ABC News Aims To Bolster Report With Live Streams From Correspondents

ABC News gostream

CBS News recently launched a live broadband-distributed news broadcast. Now ABC News is attempting to harvest on-the-ground footage from around the globe from correspondents who will live-stream footage and reporting as they are stationed around the world.

The Walt Disney unit, which has digital-distribution alliances with Yahoo and Apple TV, said it would launch a new content technique called “GoStream,” which will allow ABC News correspondents to record and upload footage from events as they happen, letting followers track news live as it unfolds. The new initiative will “take our audience around the world, in real time, to see and experience global events and breaking stories as they unfold,” said ABC News President James Goldston in a memo Tuesday.
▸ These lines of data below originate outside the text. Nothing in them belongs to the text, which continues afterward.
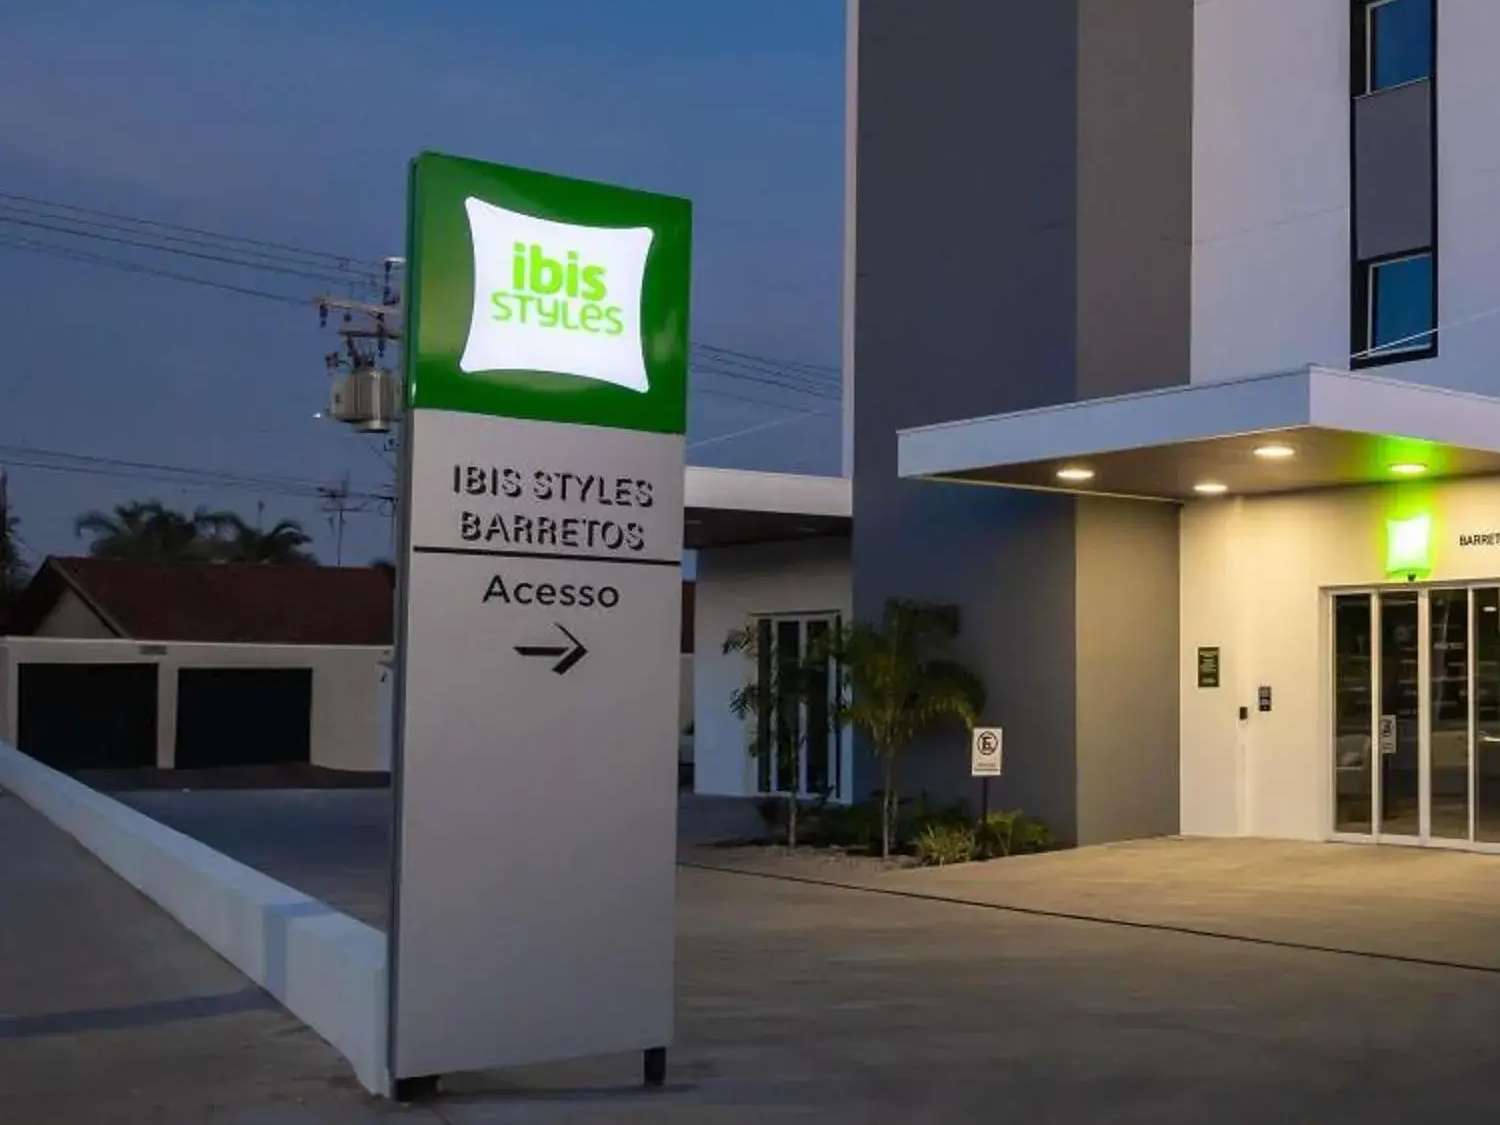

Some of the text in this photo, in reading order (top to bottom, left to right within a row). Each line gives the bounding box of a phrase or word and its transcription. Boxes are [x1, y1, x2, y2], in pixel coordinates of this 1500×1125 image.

[513, 241, 607, 301] ibis
[453, 464, 654, 507] IBIS STYLES
[461, 511, 645, 551] BARRETOS
[482, 574, 620, 608] Acesso
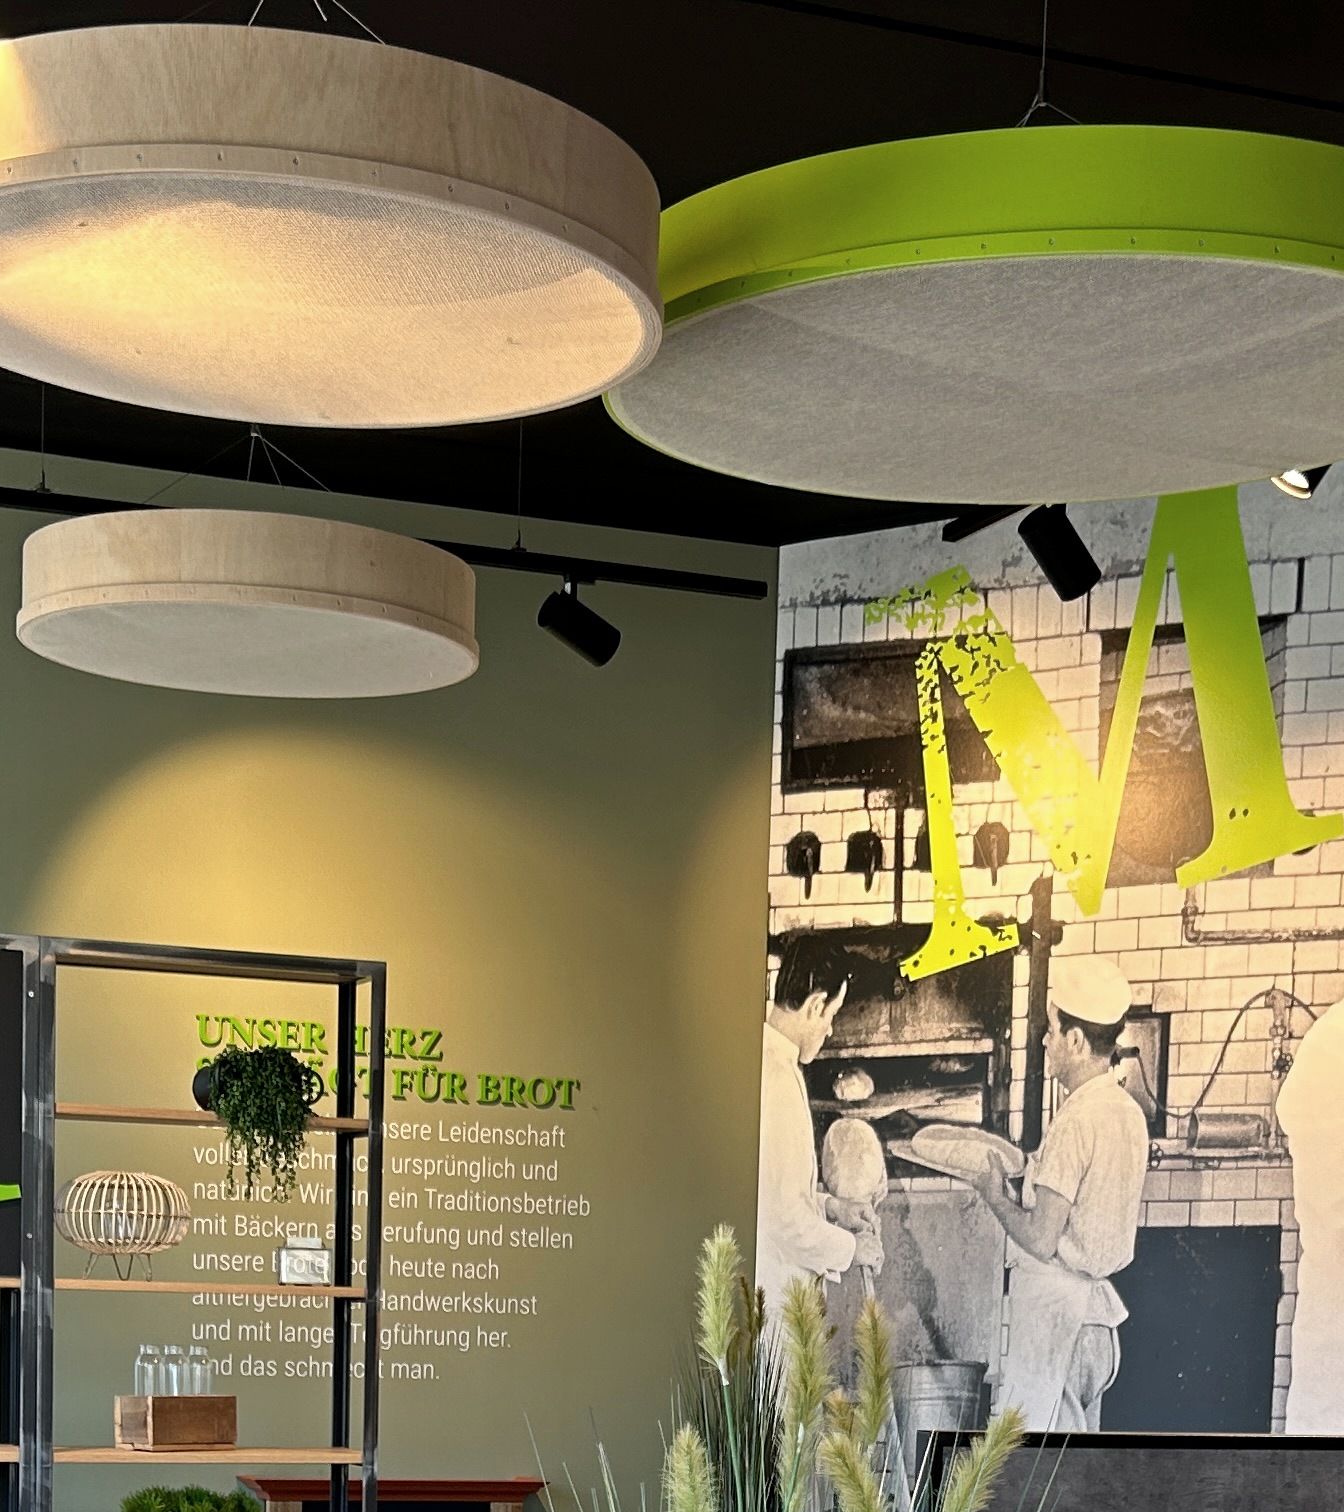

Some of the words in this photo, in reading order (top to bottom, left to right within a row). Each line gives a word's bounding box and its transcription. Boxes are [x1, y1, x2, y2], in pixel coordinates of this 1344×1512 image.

[195, 1014, 328, 1054] UNSER
[392, 1063, 469, 1104] FÜR
[476, 1072, 581, 1111] BROT
[438, 1119, 566, 1148] Leidenschaft
[391, 1154, 516, 1183] ursprünglich
[522, 1159, 558, 1182] und
[299, 1182, 334, 1205] Wir
[388, 1186, 418, 1209] ein
[424, 1187, 591, 1217] Traditionsbetrieb
[193, 1212, 227, 1236] mit
[234, 1214, 318, 1239] Bäckern
[325, 1225, 362, 1242] as
[383, 1221, 460, 1250] erufung
[467, 1224, 503, 1247] und
[509, 1226, 573, 1249] stellen
[193, 1252, 265, 1272] unsere
[389, 1254, 445, 1279] heute
[452, 1258, 499, 1281] nach
[192, 1318, 231, 1341] und
[238, 1319, 271, 1342] mit
[279, 1319, 334, 1349] lange
[350, 1322, 470, 1352] Tgführung
[476, 1326, 512, 1348] her.
[239, 1353, 278, 1377] das
[391, 1361, 440, 1381] man.
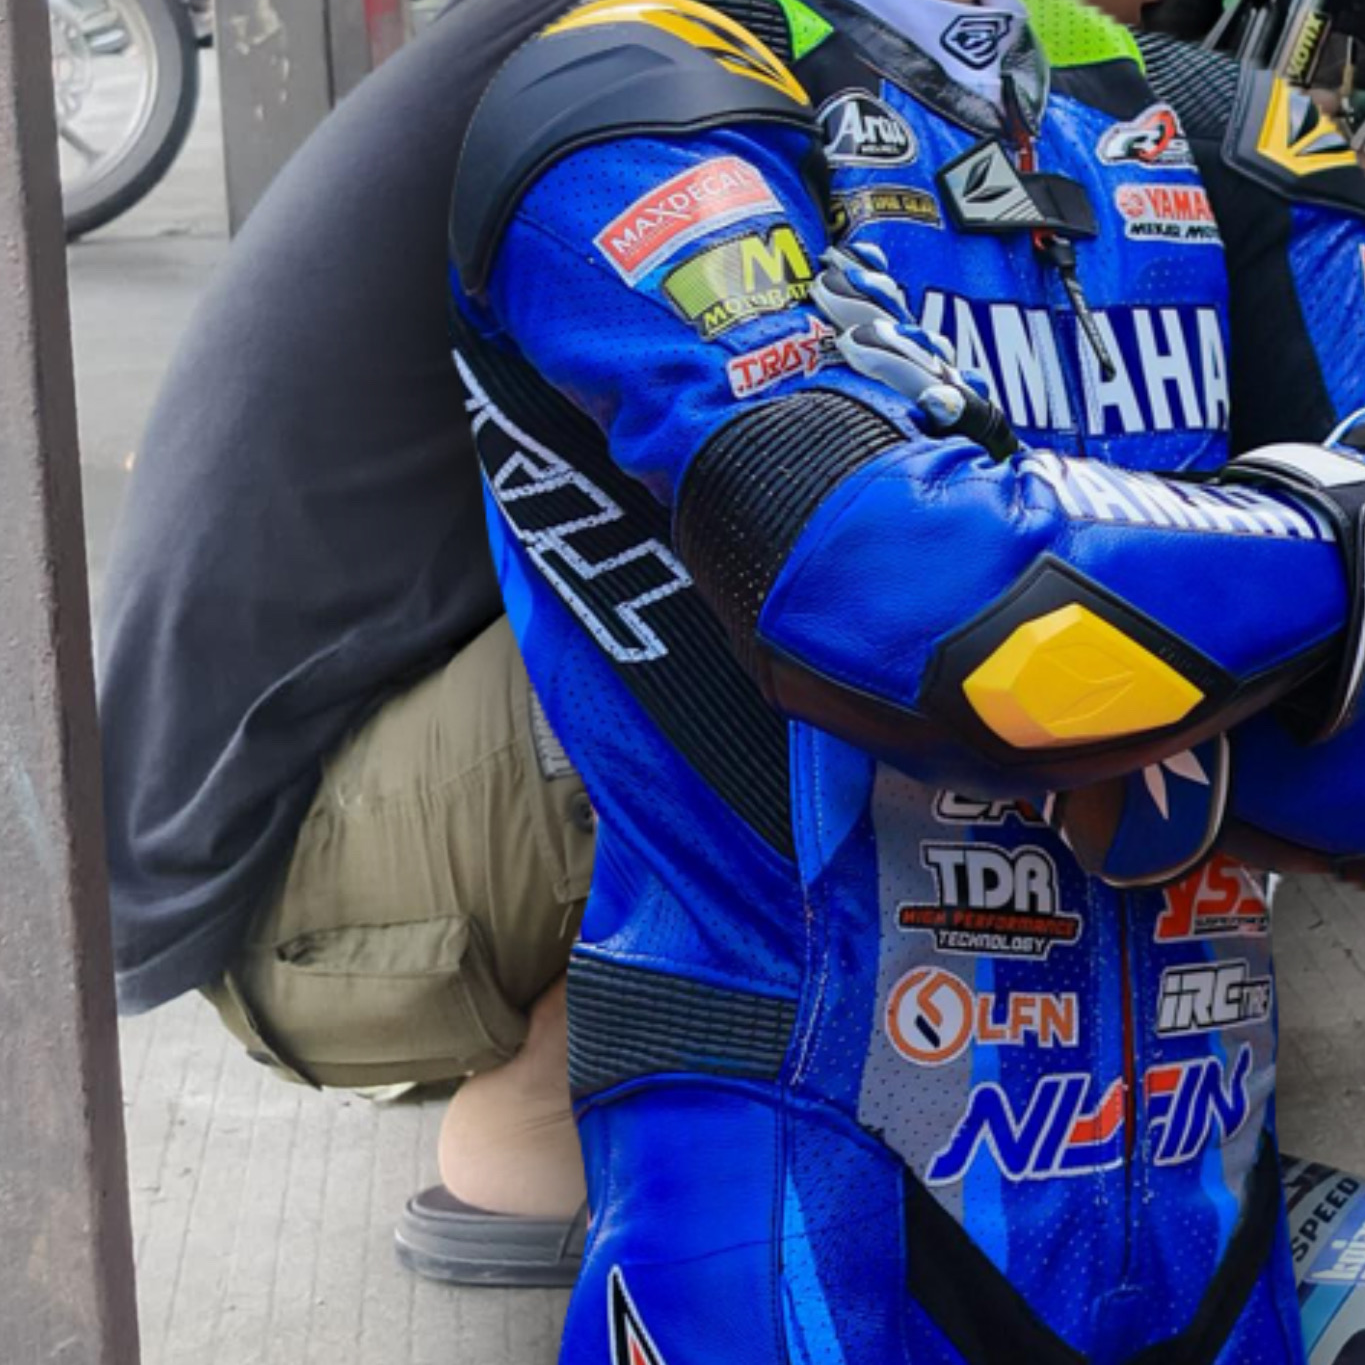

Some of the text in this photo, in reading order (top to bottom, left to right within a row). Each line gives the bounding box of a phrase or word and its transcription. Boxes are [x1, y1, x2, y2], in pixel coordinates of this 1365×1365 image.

[609, 169, 751, 254] MAXDECAL
[926, 847, 1053, 914] TDR
[937, 929, 1046, 953] TECHNOLOGY
[1293, 1177, 1360, 1263] SPEED
The ABC News staffers will be able to record and transmit the footage using an app on their mobile devices.

Goldston said ABC News intended to hire a journalist to “manage, strategize and produce this new content, and respond to breaking and ongoing news domestically and internationally.” GoStream will be curated and live streamed at as well as via ABC News’ mobile apps and on Apple TV.  ABC News has been testing the technology for various events, including coverage from Liberia, Ferguson, Missouri and the White House.

On Tuesday, ABC News expected to live-stream coverage from an Amazon fulfillment center in Tracy, CA.; Peters Square in Vatican City; Ferguson, MO; the White House; and the Johnson Space Center.

Announcement of the new technology comes as news organizations of all stripes grapple with an audience that is gradually getting more of its information about breaking news from mobile devices and content feeds that serve them. ABC News has nodded toward plans it has to unveil a digital component for its wee-hours newsmagazine, “Nightline,” that would make the raw, you-are-there reporting that is a big part of that show available around the clock.

The broadcast-news outlets already have competition in this new arena. Vice, the upstart news-video company, has won acclaim and financial backing for its video reports from far-flung corners of the world.

The technology will give ABC News journalists “a powerful new way to incorporate mobile journalism into the news gathering process and provides you all with the opportunity to experiment with different forms of storytelling,” Goldston said in his memo. ” I can’t wait to see where you’ll take us next!”